This Sunday (15th November) from 10 – 11am Toys"R"Us in Portsmouth are opening early to enable families with children on the spectrum an opportunity to shop in more relaxed setting. The lights will be dimmed, there will no music playing and staff will have been advised and trained to deal with situations in a more suitable way. This will be a great opportunity to shop in the peace and quiet and ensure your children can share the experience.
Next week is Anti-Bullying week (16th - 20th November) and its purpose is to raise awareness of bullying and to help stop it.
Bullying can take many different forms and can take place in school, travelling to and from school and even in the local neighbourhood. Verbal bullying can be just as damaging, if not more damaging than physical bullying. Why? Because it really attacks us mentally. Name-calling, constant teasing, abusive comments can all have a long-term impact.
Bullying can result in the victim having a low self esteem, poor school performance, depression, increased feelings of isolation, even thoughts of self-harm. Bullying is not just a problem for a minority of children; it is a widespread problem that can upset and disrupt a child's emotional, physical and intellectual development. One of the biggest reasons bullying isn’t tackled is because victims are too scared to speak up. Bullying is a serious issue that should be challenged and the more it is, the better chance we have at beating it! Bullying is deliberate and almost always a repeated behaviour; sometimes carrying on into adult life.
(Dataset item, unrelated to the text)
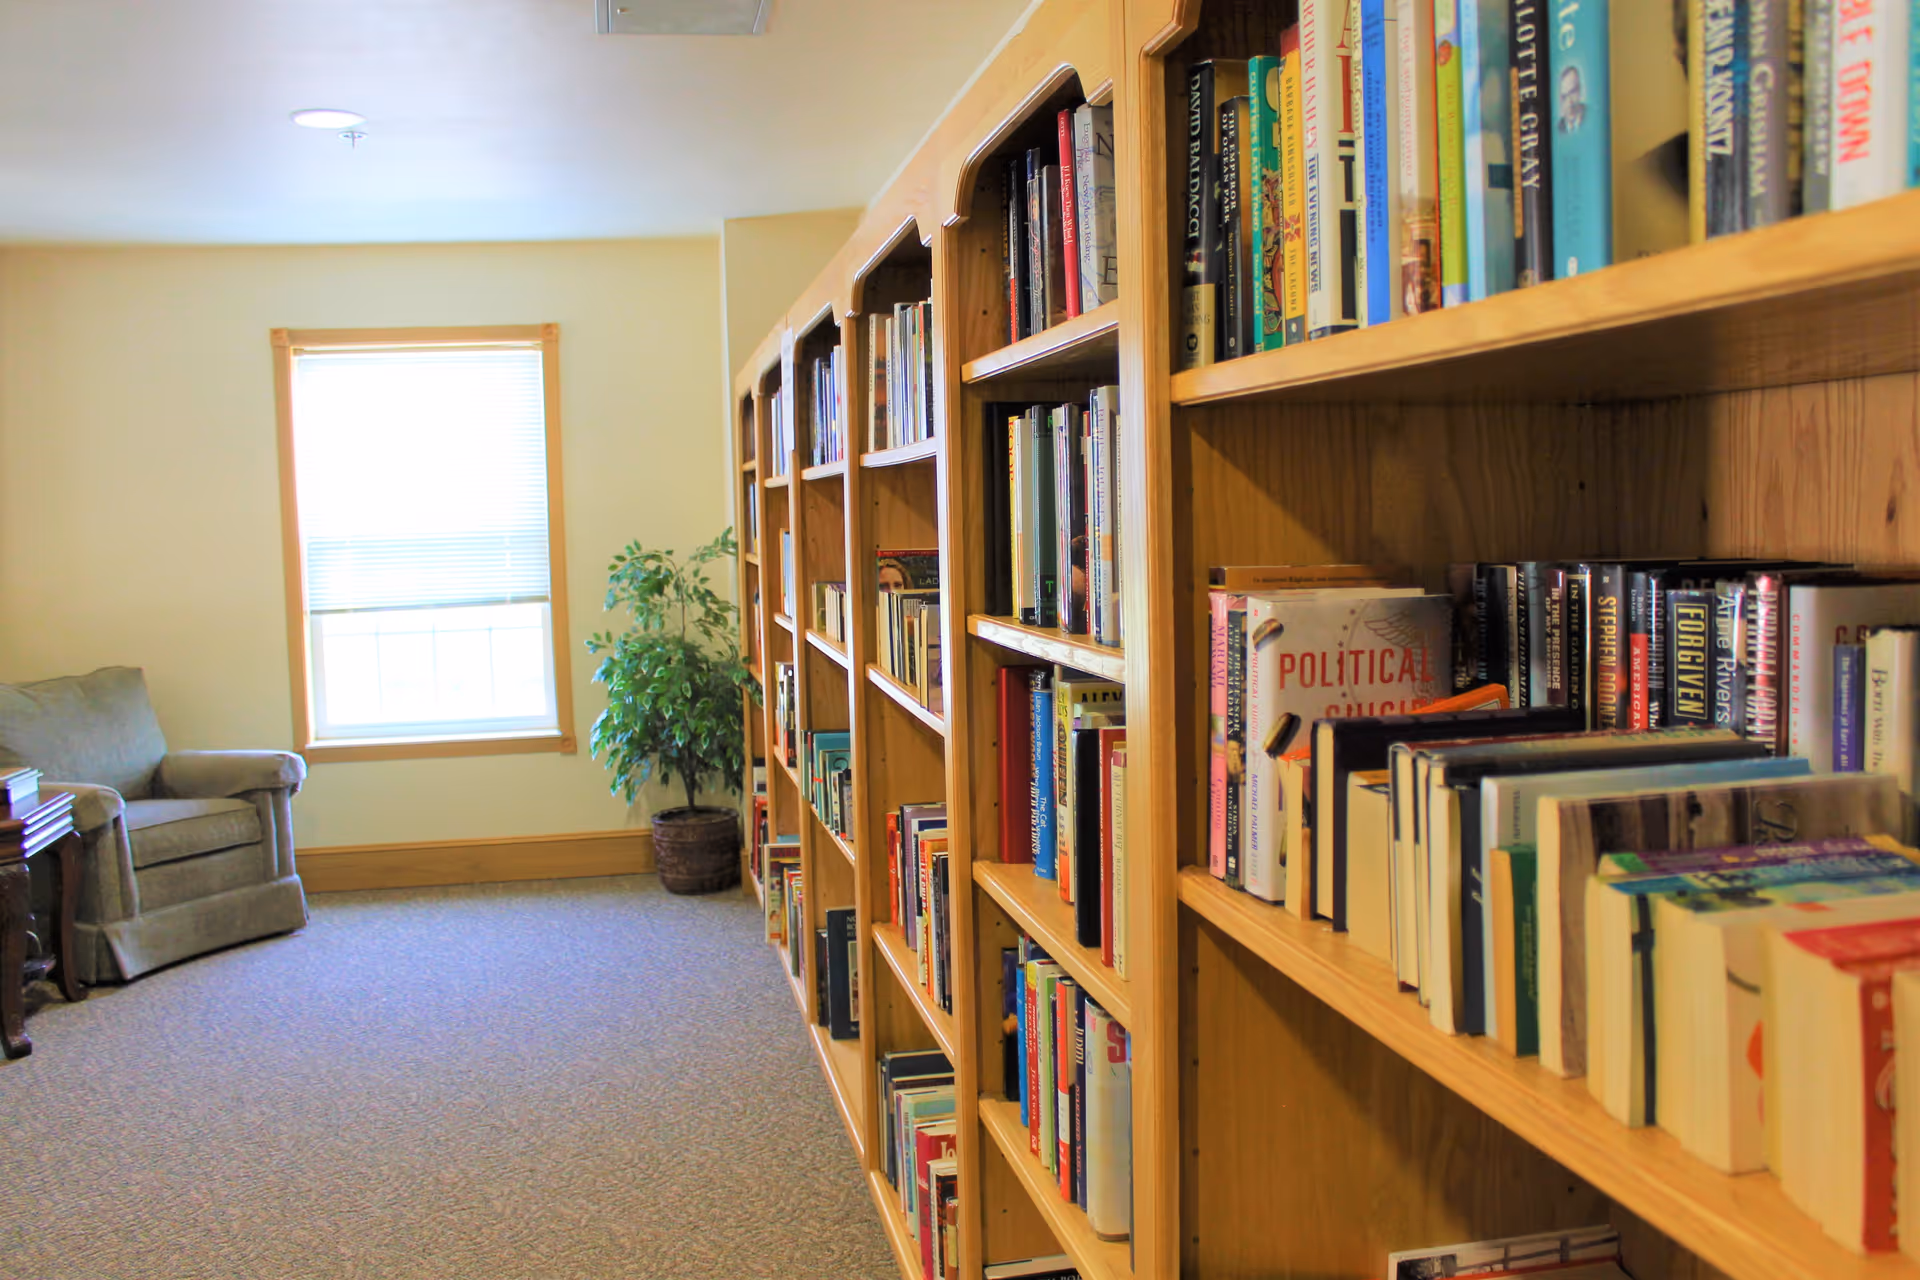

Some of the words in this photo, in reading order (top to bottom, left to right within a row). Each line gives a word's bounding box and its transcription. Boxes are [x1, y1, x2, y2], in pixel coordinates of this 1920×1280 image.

BullyingUK have provided some advice for parents about bullying; it covers lots of issues such as:
- Younger children - is it bullying?
- How to spot the signs of bullying
- What to do if your child is being bullied
- How to talk to your child about bullying
- Advice if your disabled child is bullied
- What to do if your child is a bully
- What to do about bullying out of school hours
- What to do about racist bullying
- How does bullying affect your child?
- Why children bully
If you are worried that your child may be being bullied the Anti-bullying Steering Group published a guide for dealing with bullying for parents of disabled children. The guide contains information about spotting the signs of bullying, the action you can take, your child’s rights and stories and tips from other parents.
Some of you will have heard of the new Education Health and Care Plans (sometimes called EHCPs) which replace the old system where young people had a Statement or an LDA.
If you are going through the process of getting an EHCP then it is important that you understand that process so that you can have a say in what goes into your plan.
There is information on our website but sometimes its better to hear about EHCPs in person. There is a joint event on the 19th of November at the Frank Sorrell Centre from 5pm - 6:30pm where there will be some short talks and then an opportunity to ask any questions you have about EHCPs.
Everyone is welcome.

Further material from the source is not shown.